Several other things could be observed about Macy's executives. Their number was almost equally divided in gender, they were predominantly white, and the median age appeared to be about 38. The men favored short haircuts and dark suits with white or pale blue shirts. Their physiques were soft, perhaps from riding on the seats of commuter trains. The women, on the whole, looked in better shape, and their attire fell on the side of tasteful rather than fashionable.
Ms. Smith-Harvey stood up and, after some brief remarks, turned the floor over to Lou Mastrogiacomo, the senior vice president for bridge and better sportswear, which covers career clothes. He quickly identified the main trends (tunic tops, dresses, novelty T-shirts).
He was followed by Christine Agate, who began, "I'm the bridge buyer, and I'm so excited!" Pointing to several items, including a black DKNY dress and an Anne Klein crinkle cotton skirt, Ms. Agate said feminine details would continue to be important. She spoke of prospects for greater "penetration in the third quarter," longer jacket lengths, and then said, brightly, "That's it for bridge sportswear."
A tall, amiable-looking man got up and said, "Hi, I'm Edan." Like the other speakers, Edan Goldenberg, the buyer for the trendy Impulse department, began with a review of the number of units of merchandise he had in stock and on order. To a layman these numbers sound wild. Fifty-seven thousand units of better sportswear! But to a buyer for a store the size of Macy's, they indicate a great sense of depth, backup. Eighty thousand T-shirts — in the pipeline! — is not just a number. It's an expression of confidence.
Mr. Goldenberg identified pinstripes as a fresh trend — "This is a huge category for us," he said ruggedly — and also noted that customers were buying a lot of matte jersey dresses and separates.
Someone in the audience asked him if there was a best-selling color.
"Black," Mr. Goldenberg replied, a little sadly.
At several times during the meeting, the buyers struck an evangelical note, like a coach before a big game. The shoe buyer said, "We really feel good about patent for fall."
When Stacy Pollack, the divisional merchandise manager for dresses and suits, got up to speak, she said, "This is really the year of the dress." (Her colleagues at Saks and other stores would agree with her; dresses, from high-fashion sack styles to sexy wraps, have been a hot item all spring.)
Ms. Pollack, a trim woman who bears a slight resemblance to a young Cloris Leachman, mentioned other things her team felt good about, including ruched evening dresses with rhinestone trim. She predicted that they would be popular for homecoming and rush.
"Rush?" an executive in the audience whispered.
Later Ms. Smith-Harvey explained that the upbeat tone was fairly typical in the retail and garment businesses. "You have to believe in what you're selling," she said. Blunter words were probably delivered over the losers, but why cry over spilt milk? Or throw good money after bad?

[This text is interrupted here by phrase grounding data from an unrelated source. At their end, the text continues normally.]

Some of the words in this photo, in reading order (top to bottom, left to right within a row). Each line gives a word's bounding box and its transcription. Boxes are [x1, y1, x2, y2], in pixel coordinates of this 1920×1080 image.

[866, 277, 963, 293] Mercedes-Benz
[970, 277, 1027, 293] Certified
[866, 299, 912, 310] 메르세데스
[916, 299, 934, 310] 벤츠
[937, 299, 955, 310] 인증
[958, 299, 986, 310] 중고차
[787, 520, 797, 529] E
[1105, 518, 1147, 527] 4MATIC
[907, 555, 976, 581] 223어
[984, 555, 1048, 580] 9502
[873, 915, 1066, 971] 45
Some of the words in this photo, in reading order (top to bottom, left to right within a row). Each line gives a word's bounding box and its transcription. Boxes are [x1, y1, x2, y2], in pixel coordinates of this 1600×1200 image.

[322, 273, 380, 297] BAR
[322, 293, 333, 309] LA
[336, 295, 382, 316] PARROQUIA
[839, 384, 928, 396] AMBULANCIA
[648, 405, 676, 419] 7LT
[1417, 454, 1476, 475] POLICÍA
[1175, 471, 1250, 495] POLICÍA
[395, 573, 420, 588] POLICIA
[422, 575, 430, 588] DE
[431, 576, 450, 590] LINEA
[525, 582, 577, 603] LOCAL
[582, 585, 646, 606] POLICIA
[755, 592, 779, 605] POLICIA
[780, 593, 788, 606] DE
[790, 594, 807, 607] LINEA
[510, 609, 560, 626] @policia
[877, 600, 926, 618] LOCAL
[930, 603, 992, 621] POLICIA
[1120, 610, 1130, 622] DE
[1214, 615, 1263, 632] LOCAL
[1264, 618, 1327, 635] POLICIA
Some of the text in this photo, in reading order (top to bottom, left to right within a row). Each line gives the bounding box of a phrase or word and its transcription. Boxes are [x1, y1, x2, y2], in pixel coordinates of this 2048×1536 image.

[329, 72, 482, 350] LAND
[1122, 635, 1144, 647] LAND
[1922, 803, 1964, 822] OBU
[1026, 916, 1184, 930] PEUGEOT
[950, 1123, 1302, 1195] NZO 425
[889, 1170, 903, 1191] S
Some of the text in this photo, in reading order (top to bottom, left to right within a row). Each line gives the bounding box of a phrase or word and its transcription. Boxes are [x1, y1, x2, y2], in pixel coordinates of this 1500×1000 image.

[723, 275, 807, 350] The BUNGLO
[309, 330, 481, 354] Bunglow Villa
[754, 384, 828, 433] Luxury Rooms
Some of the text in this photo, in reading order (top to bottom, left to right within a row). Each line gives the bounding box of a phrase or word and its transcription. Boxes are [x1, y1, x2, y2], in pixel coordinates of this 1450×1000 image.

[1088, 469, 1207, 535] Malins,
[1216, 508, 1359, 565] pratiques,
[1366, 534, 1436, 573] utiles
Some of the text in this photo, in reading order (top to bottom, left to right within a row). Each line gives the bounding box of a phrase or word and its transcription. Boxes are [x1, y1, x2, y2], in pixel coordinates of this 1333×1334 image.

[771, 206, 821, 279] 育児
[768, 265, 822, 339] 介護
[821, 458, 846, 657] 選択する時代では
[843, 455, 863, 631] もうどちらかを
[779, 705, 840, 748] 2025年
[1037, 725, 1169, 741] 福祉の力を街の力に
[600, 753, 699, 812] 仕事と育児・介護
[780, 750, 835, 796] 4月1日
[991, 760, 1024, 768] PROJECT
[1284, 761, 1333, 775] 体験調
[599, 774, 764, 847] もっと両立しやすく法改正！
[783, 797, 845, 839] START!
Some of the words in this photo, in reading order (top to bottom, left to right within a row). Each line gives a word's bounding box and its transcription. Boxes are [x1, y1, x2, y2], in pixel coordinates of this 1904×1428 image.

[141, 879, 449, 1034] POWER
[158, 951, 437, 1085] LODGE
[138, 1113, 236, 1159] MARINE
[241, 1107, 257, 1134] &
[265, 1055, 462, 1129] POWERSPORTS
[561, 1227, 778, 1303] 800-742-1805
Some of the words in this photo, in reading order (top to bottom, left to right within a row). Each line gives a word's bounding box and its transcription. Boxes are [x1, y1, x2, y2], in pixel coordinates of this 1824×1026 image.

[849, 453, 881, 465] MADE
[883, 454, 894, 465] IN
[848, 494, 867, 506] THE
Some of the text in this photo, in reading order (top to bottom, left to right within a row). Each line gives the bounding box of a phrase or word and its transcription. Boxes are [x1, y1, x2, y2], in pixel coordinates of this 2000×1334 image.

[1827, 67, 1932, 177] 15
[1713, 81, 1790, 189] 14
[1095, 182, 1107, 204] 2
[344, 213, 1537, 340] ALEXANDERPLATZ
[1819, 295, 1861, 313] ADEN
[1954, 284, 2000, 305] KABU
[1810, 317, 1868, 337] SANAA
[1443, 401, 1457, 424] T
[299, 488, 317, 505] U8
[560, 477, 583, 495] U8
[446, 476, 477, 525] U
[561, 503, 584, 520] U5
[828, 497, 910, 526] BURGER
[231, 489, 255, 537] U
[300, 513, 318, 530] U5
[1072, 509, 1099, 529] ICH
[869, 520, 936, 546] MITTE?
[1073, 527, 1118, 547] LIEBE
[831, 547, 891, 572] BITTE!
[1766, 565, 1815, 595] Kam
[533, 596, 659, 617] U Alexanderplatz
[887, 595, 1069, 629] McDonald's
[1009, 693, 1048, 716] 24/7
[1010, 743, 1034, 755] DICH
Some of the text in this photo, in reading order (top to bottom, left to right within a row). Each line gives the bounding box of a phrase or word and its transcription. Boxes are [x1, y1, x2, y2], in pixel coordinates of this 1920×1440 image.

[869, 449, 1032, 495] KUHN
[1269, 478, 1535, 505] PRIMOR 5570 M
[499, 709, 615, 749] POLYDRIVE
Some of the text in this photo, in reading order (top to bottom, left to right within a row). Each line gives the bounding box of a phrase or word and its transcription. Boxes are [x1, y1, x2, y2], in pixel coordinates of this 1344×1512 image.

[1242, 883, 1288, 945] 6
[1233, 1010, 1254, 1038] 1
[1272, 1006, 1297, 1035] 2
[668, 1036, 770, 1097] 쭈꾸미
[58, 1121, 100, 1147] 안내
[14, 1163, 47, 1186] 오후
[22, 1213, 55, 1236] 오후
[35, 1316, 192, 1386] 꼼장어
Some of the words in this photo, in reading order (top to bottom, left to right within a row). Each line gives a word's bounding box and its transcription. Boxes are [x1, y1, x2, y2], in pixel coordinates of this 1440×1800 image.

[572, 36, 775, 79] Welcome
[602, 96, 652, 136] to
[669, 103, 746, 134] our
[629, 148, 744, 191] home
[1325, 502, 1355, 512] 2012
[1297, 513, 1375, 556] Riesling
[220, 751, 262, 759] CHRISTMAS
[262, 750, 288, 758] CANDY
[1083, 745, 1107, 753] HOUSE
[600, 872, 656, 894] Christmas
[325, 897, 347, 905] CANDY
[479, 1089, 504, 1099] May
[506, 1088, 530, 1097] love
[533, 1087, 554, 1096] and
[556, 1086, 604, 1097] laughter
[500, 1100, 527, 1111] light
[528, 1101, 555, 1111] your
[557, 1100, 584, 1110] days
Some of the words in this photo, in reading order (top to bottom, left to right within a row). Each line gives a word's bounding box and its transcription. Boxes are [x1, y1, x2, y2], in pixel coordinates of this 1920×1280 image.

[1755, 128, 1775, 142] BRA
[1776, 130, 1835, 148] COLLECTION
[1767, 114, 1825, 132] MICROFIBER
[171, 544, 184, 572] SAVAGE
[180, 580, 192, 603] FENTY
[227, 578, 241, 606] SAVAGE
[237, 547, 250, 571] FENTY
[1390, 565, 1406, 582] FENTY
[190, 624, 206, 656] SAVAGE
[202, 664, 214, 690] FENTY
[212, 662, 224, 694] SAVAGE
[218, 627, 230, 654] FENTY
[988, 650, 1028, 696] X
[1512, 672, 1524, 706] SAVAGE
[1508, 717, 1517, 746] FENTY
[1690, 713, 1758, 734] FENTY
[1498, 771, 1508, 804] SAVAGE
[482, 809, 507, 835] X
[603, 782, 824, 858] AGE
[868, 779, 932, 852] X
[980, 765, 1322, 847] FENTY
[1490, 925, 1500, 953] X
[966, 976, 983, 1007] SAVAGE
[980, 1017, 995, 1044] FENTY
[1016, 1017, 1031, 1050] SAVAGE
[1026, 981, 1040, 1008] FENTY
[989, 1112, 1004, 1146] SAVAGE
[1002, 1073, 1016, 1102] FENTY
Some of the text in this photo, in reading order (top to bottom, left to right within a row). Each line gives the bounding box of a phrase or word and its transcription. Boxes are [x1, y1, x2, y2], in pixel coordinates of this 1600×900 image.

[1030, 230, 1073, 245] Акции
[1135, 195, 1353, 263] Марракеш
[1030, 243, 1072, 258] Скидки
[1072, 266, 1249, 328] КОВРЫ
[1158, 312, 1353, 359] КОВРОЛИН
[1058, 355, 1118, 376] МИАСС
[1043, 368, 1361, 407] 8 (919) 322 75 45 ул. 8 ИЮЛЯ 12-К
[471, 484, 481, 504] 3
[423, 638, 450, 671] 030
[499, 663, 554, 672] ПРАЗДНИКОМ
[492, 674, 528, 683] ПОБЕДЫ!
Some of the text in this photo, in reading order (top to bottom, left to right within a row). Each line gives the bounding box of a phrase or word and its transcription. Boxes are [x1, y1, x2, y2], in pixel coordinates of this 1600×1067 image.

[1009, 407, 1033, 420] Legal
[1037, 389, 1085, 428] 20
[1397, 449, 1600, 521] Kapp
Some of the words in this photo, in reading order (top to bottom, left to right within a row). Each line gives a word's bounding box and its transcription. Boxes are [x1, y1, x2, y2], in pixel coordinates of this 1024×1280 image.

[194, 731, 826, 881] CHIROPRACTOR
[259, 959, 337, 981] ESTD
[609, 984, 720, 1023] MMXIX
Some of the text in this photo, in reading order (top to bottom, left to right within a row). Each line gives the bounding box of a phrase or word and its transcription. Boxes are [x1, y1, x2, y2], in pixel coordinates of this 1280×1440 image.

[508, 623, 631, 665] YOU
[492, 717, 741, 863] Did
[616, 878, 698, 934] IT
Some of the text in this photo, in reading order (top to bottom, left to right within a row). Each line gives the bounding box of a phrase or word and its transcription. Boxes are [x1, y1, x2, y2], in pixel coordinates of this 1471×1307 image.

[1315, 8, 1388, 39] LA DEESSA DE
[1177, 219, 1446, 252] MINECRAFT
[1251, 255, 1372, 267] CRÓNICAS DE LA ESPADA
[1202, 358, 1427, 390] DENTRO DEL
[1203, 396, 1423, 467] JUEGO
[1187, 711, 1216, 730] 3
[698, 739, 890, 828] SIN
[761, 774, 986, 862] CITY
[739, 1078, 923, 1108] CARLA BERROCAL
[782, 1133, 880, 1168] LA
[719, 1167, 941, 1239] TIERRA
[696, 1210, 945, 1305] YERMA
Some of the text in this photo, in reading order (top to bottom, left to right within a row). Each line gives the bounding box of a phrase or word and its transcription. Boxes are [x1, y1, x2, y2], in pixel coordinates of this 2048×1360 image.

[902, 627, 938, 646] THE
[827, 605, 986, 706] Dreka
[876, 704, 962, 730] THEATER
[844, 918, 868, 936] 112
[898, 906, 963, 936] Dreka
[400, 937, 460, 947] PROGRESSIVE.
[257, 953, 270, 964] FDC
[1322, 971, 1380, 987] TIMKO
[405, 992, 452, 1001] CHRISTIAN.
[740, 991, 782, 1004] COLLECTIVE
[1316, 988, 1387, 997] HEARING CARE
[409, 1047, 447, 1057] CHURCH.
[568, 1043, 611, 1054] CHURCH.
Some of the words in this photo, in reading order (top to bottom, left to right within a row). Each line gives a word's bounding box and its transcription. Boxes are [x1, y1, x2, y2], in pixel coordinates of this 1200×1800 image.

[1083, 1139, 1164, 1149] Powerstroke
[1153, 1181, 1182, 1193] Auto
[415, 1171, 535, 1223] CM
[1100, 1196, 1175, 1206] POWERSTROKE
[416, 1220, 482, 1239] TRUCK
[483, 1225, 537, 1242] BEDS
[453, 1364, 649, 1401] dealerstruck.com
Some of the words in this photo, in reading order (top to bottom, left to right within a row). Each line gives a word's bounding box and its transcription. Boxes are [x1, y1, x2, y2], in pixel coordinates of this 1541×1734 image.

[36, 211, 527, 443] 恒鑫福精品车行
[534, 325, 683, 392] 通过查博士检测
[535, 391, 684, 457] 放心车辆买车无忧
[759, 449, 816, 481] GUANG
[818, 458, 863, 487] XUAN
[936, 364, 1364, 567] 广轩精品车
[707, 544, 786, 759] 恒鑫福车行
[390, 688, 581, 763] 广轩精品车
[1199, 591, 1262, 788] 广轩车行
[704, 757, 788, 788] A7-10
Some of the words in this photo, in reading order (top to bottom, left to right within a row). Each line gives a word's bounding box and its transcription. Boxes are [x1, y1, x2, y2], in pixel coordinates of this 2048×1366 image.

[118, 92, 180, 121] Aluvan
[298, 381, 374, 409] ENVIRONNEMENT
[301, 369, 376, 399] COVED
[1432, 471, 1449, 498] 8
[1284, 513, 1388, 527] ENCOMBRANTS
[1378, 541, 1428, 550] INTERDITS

Ultimately, the enthusiasm is an indication of where the dollars are being spent. During the meeting, leggings were a source of surprise and excitement. Macy's sold 2,000 pairs the previous week. Customers, filled up on black leggings, now wanted them in stripes and floral prints with lace. "My niece was the first one to ask me about them," Ms. Smith-Harvey said. " 'Aunt Karen, can't you get them in lace?' "
She was asked where her niece lives.
"New Jersey, central New Jersey," she said mildly.